Task brief
Exact reproduction of all the data is required, with pictures excluded.

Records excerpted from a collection

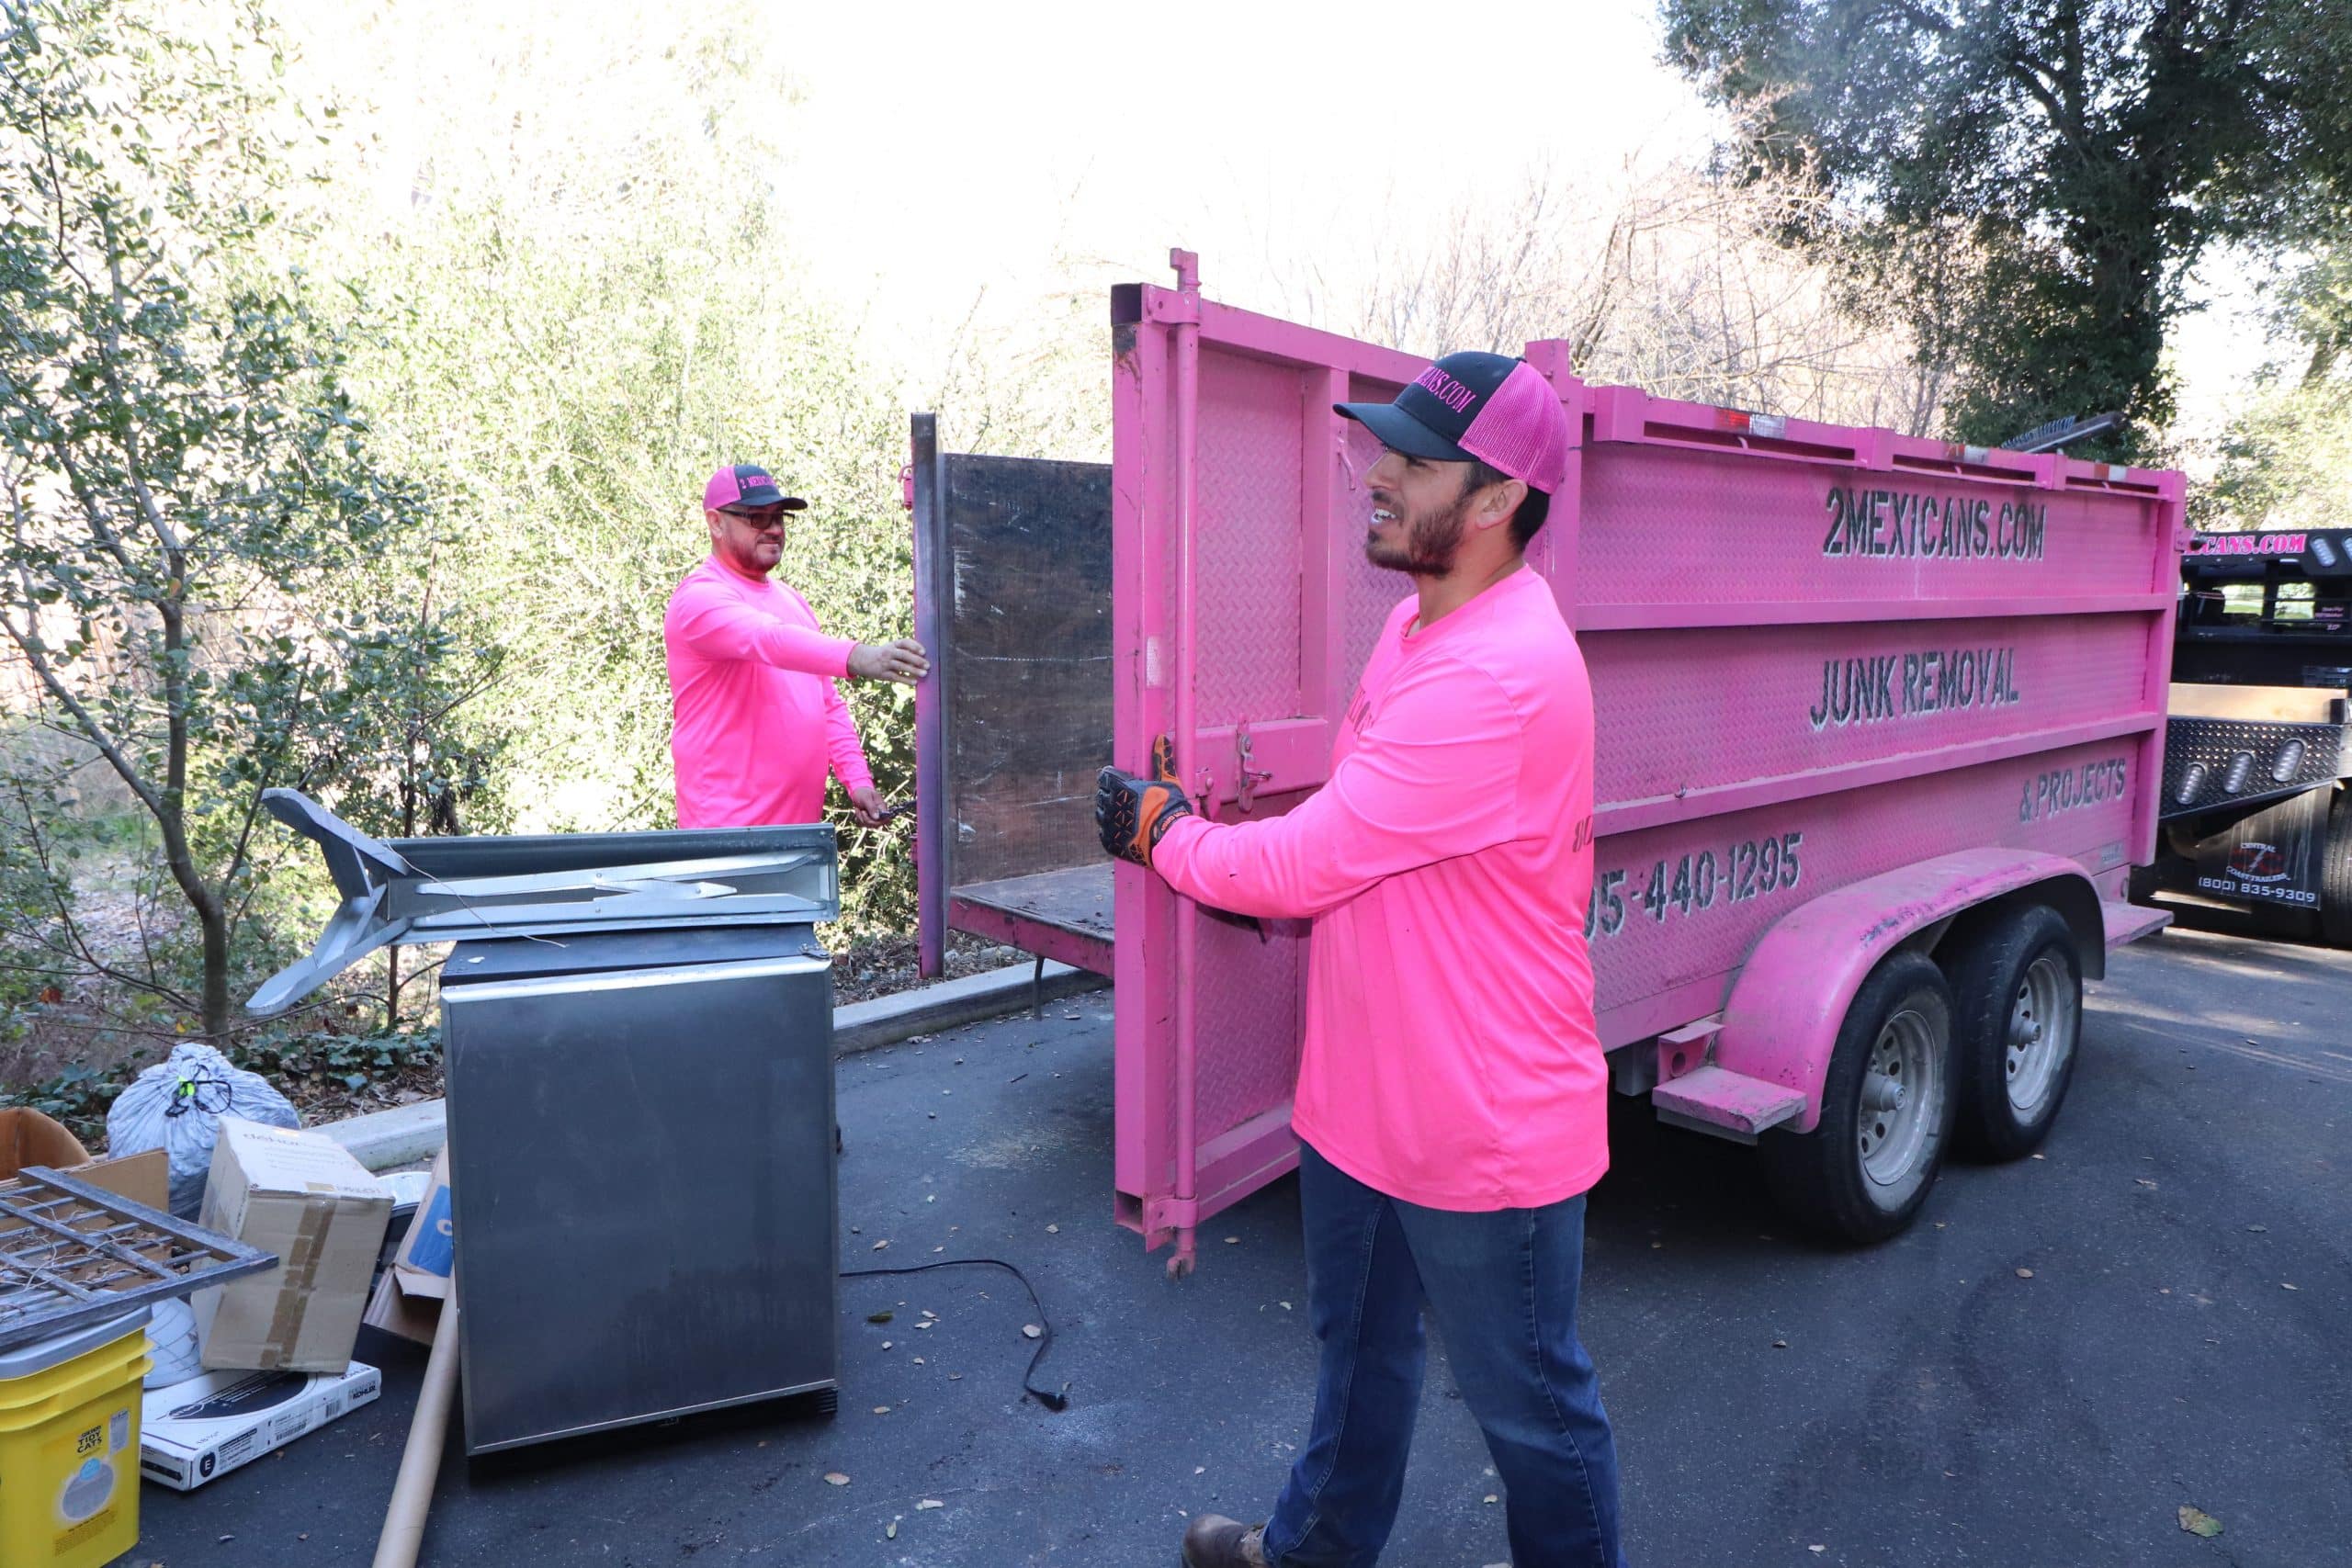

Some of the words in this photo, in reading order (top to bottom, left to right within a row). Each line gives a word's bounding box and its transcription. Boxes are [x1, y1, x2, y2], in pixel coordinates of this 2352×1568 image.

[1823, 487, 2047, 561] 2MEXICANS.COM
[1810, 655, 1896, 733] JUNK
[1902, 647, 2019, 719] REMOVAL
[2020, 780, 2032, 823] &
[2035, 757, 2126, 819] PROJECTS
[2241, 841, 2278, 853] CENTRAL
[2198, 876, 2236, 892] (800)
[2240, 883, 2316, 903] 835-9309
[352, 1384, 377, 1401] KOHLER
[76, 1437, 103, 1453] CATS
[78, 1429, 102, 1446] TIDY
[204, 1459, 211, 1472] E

Exercise result
Some of the words in this photo, in reading order (top to bottom, left to right within a row). Each line gives a word's bounding box and its transcription. Boxes are [x1, y1, x2, y2], in pixel coordinates of this 2352×1568 image.

[1823, 487, 2047, 561] 2MEXICANS.COM
[1810, 655, 1896, 733] JUNK
[1902, 647, 2019, 719] REMOVAL
[2020, 780, 2032, 823] &
[2035, 757, 2126, 819] PROJECTS
[2241, 841, 2278, 853] CENTRAL
[2198, 876, 2236, 892] (800)
[2240, 883, 2316, 903] 835-9309
[352, 1384, 377, 1401] KOHLER
[76, 1437, 103, 1453] CATS
[78, 1429, 102, 1446] TIDY
[204, 1459, 211, 1472] E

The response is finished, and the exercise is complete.